Walk your way to better health

Just putting one foot in front of the other can mean big steps forward for your heart.

The easiest way to reduce your risk for heart disease and stroke is to get moving and walking is a great place to start. It boosts health and energy and easily fits into your lifestyle. Walking benefits your heart, and lungs, and improves fitness, muscle tone, strength and balance. Plus, it reduces pollution by decreasing car trips, improves sleep, relieves stress and helps combat depression.

Pretty impressive for an activity that comes so naturally. To make it really work for you, work 30 minutes of light- to moderate-effort  walking into your daily routine and you will lower your risk of heart disease and stroke. It doesn’t even have to be non-stop – three 10-minute walks will do the trick too.

If you’re short on time, remember that any physical activity is better than none. The more active you are, the greater the health benefits. And you’ll reap the rewards of more energy to help you cope better with your busy schedule.

Lace up and get walking!

Here  are some ideas for increasing the steps you take every day:

  • Park your car further away from your destination.
  • Walk your children to school.
  • Walk your dog (or a neighbour’s dog).
  • Take a walk with a friend or co-worker at lunch.
  • Take the stairs.
  • Start or join a walking club.
  • Wear your pedometer even when you are doing housework or gardening at home.
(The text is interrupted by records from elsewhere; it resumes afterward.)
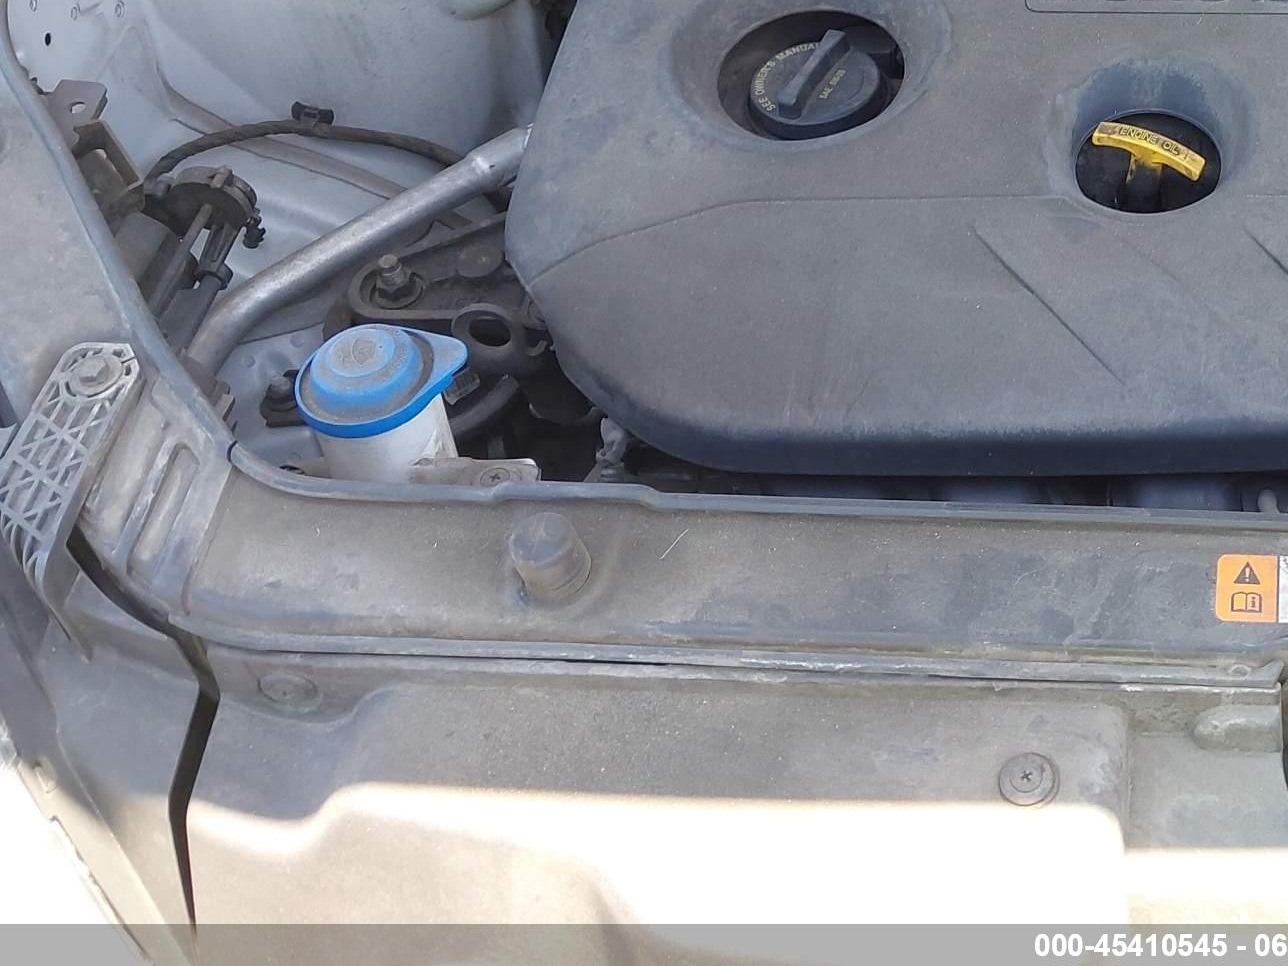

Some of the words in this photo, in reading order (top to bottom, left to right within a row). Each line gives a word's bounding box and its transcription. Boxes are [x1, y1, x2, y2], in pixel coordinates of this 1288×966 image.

[754, 60, 777, 96] OWNER'S
[758, 96, 777, 112] SEE
[819, 86, 834, 100] SAE
[1119, 126, 1158, 146] ENGINE
[1162, 140, 1179, 155] OIL
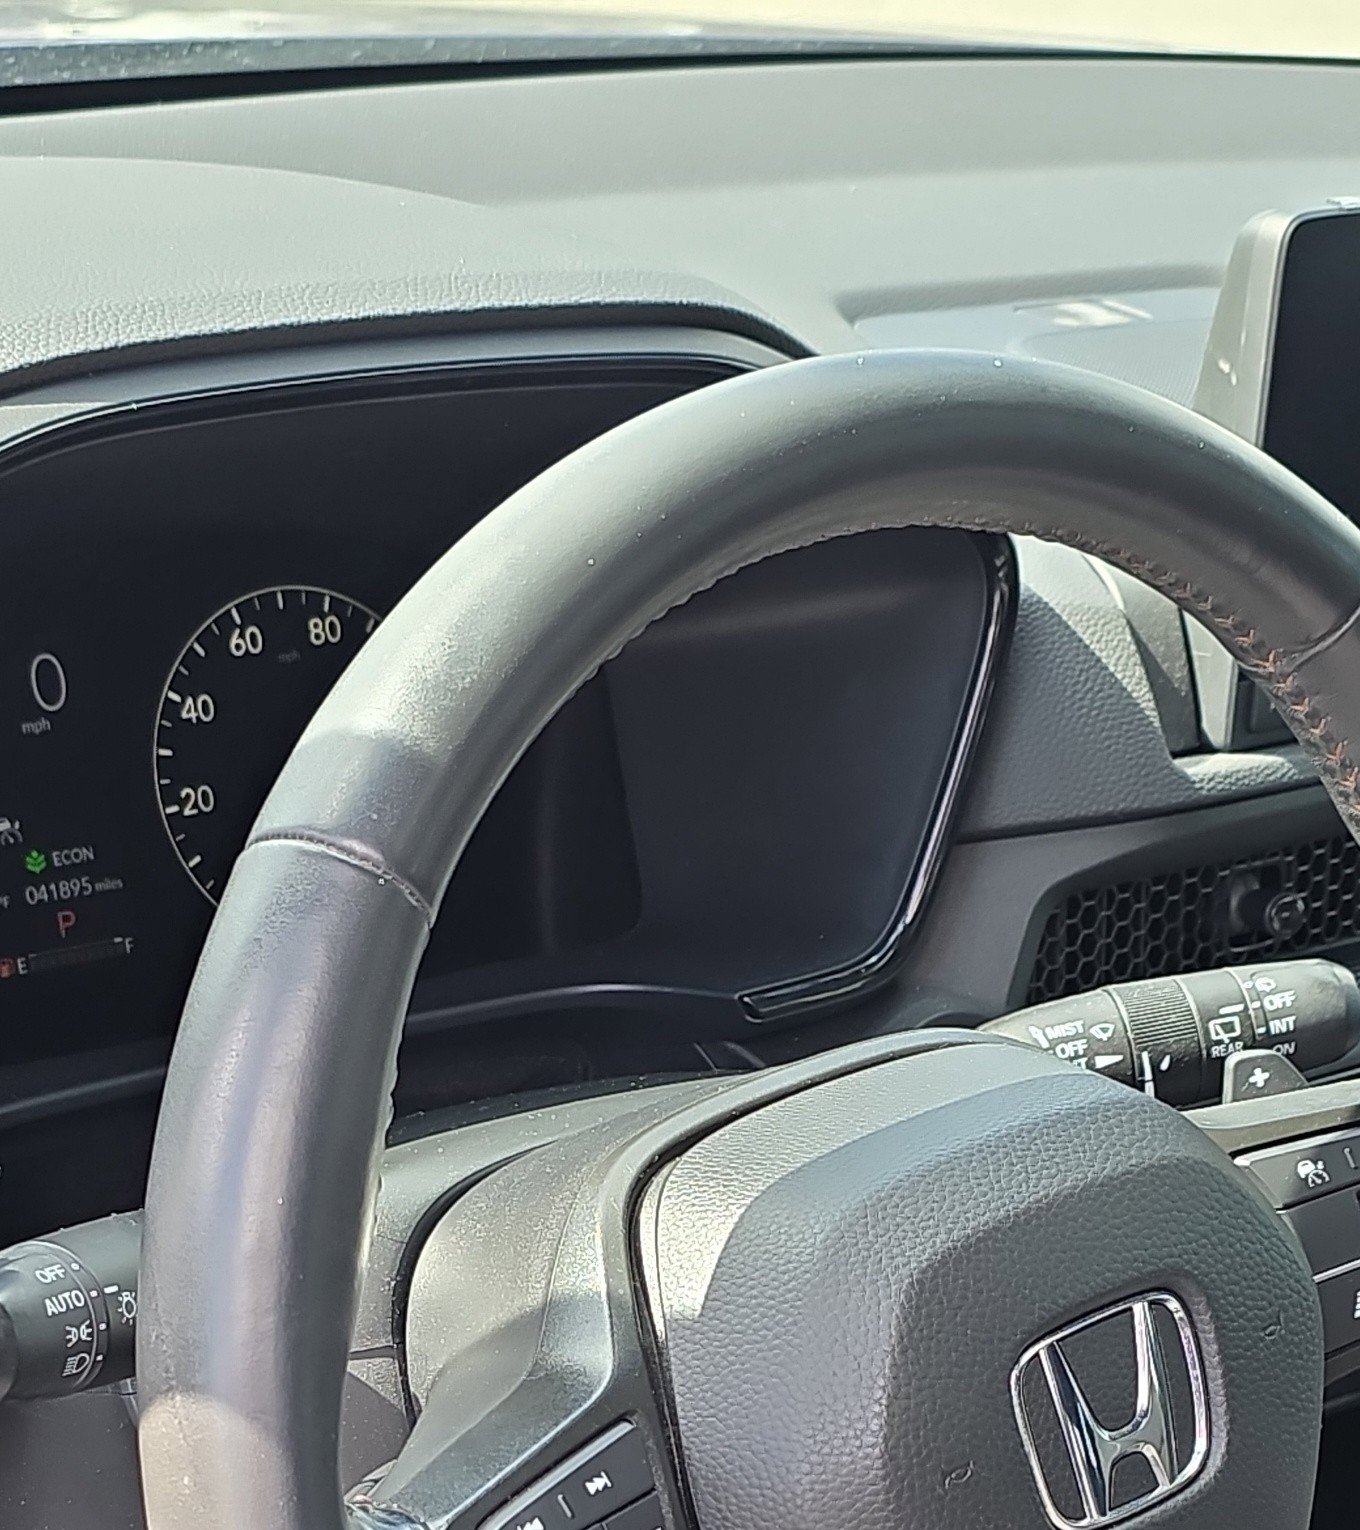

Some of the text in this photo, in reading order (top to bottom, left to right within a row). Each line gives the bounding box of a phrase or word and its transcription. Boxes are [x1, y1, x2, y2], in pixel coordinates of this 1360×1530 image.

Note: Before starting any physical activity routine, please check with your healthcare provider first to discuss what is right for you.

Heartfelt facts

  • Heart disease and stroke are leading causes of death and hospitalization in Canada.
  • An estimated 1.6 million Canadians currently live with heart disease of the effects of a stroke.
  • Up to 80 per cent of premature heart disease and stroke could be prevented by healthier lifestyles.

1 Response

  1. Hey great! I agree! Bodies are meant to move. Movement “turns on switches” of different systems in the body that result in improved health. The more muscles you move the better and it doesn’t have to “be hard to be effective”. I believe it is the number of muscles that move and the regularity of exercising. ..every other day for 30 to 60 minutes…..that counts. I love NORDIC style pole walking which is patterned after cross country skiing…the whole arm swings/pushes back. This method done correctly uses 90% of the body’muscles and therefore “turns on” the most switches. I love it, it feels good to do it, and I look forward to getting out pole walking every other day. I have become very fit and healthy again!